By way of background, all of Canada except for Québec has traditionally had a disapproving, Puritan sort of attitude toward liquor. Along with bizarre licensing rules for bars, one symptom of this is that alcoholic beverages are with a few exceptions only on sale in government-owned stores. (Weirdly, in Ontario, for many years there have been different stores for beer and for everything else.) Back when I started drinking these were grim places indeed; fluorescent-lighted caves with no bottles visible, just placards describing the wares and little slips of paper on which you wrote your order, which was fetched from out back by gnome-like civil servants.

Anyhow, a few years back in Alberta, the province one over from here which always has a right-wing government, the right-wing government of the day decided this government liquor store idea was silly, which you don’t have to be that right-wing to find plausible. So they privatized; you still can’t buy booze in the grocery stores, but pretty well anyone can open a store selling it.

Here in BC, at around the same time, presumably feeling threatened by the chill wind of threatened privatization, our government liquor stores decided to try to pull up their socks and get customer-oriented: more locations, longer opening hours, a bit more fun. By and large, they’ve done a pretty good job. Most of them look decent and have a pretty good selection, with reasonably intelligent and helpful staff, and prices that are not too bad on a world scale if you subtract the huge tax slice. One of the interesting side-effects is that even in remote backwoods outposts, if there’s a liquor store, you have a chance of picking up a decent Italian wine or Irish whiskey, which is not true of small towns in most of the rest of the world.

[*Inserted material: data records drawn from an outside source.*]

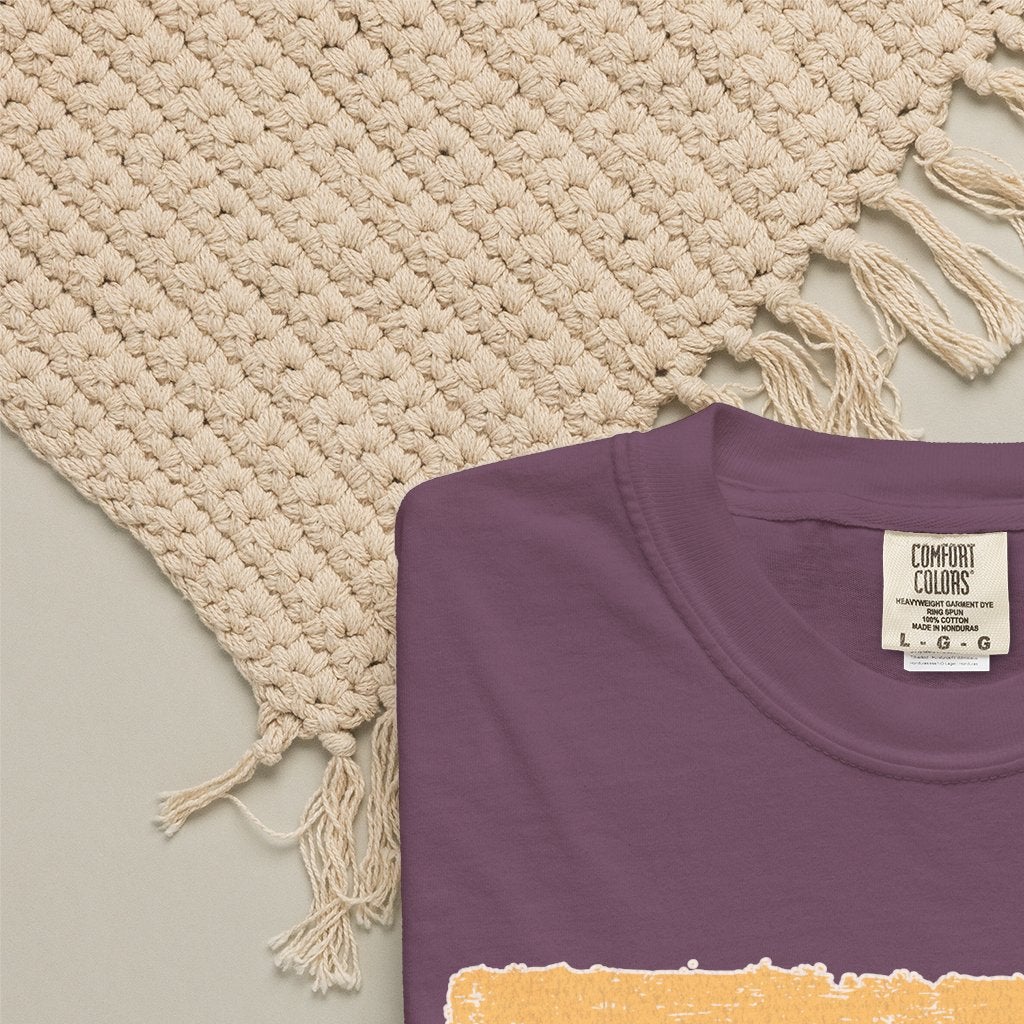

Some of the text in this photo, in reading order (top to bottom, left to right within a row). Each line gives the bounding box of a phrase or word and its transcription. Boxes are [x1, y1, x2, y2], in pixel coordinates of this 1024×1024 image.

[911, 543, 975, 569] COMFORT
[895, 598, 944, 608] HEAVYWEIGHT
[946, 601, 979, 609] GARMENT
[927, 608, 943, 616] RING
[922, 616, 939, 624] 100%
[912, 623, 931, 632] MADE
[900, 632, 910, 647] L
[937, 635, 950, 650] G
[977, 635, 991, 650] G

Anyhow, the Alberta experiment’s results have been decidedly mixed. Statistically, the prices don’t seem to be any lower, the government revenue is down quite a bit, and the people working there are making less. I visit Alberta quite a bit, and my personal experience is that while you can find perfectly decent liquor retail establishments, there are quite a few really second-rate establishments featuring miserable selection in a low-rent environment. Which, come to think of it, is to say that liquor has been made about like the rest of the retail spectrum.

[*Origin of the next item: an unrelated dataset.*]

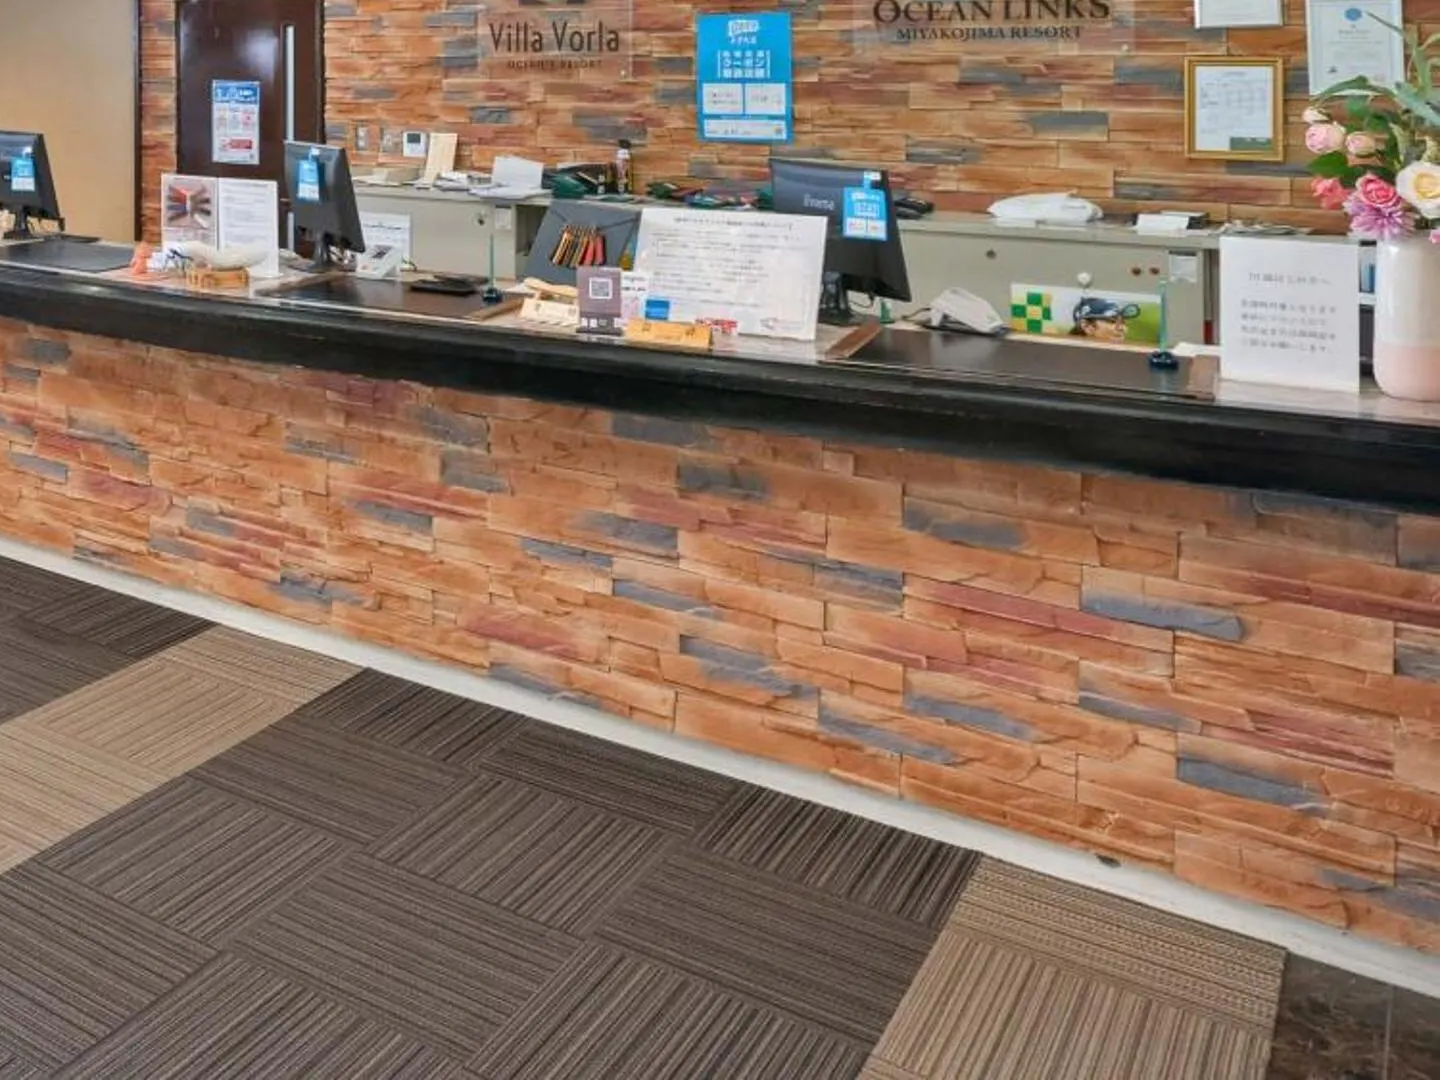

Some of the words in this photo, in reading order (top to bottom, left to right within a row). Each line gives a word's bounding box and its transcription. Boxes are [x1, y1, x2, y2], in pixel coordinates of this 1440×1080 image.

[488, 21, 543, 52] Villa
[552, 21, 620, 52] Vorla
[896, 26, 1006, 42] MIYAKOJIMA
[1010, 25, 1084, 39] RESORT

Now, basic economics would suggest that unleasing the power of the market ought to really deliver in terms of quality, selection, and the bottom line. This is a debate that’s going on in some form all over the world. California famously botched the deregulation of electricity, but some other US states have done not-too-badly with only subtly-differing approaches.

There are two bottom lines. First, there’s not much popular support here in BC for doing an Alberta and charging into privatized booze. Secondly, the truth is hard to come by, and it’s not simple, but we already knew that.


author · Dad
colophon · rights
picture of the day
June 07, 2003
· The World (148 fragments)
· · Economics (5 more)

By .

The opinions expressed here
are my own, and no other party
necessarily agrees with them.

A full disclosure of my
professional interests is
on the author page.

I’m on Mastodon!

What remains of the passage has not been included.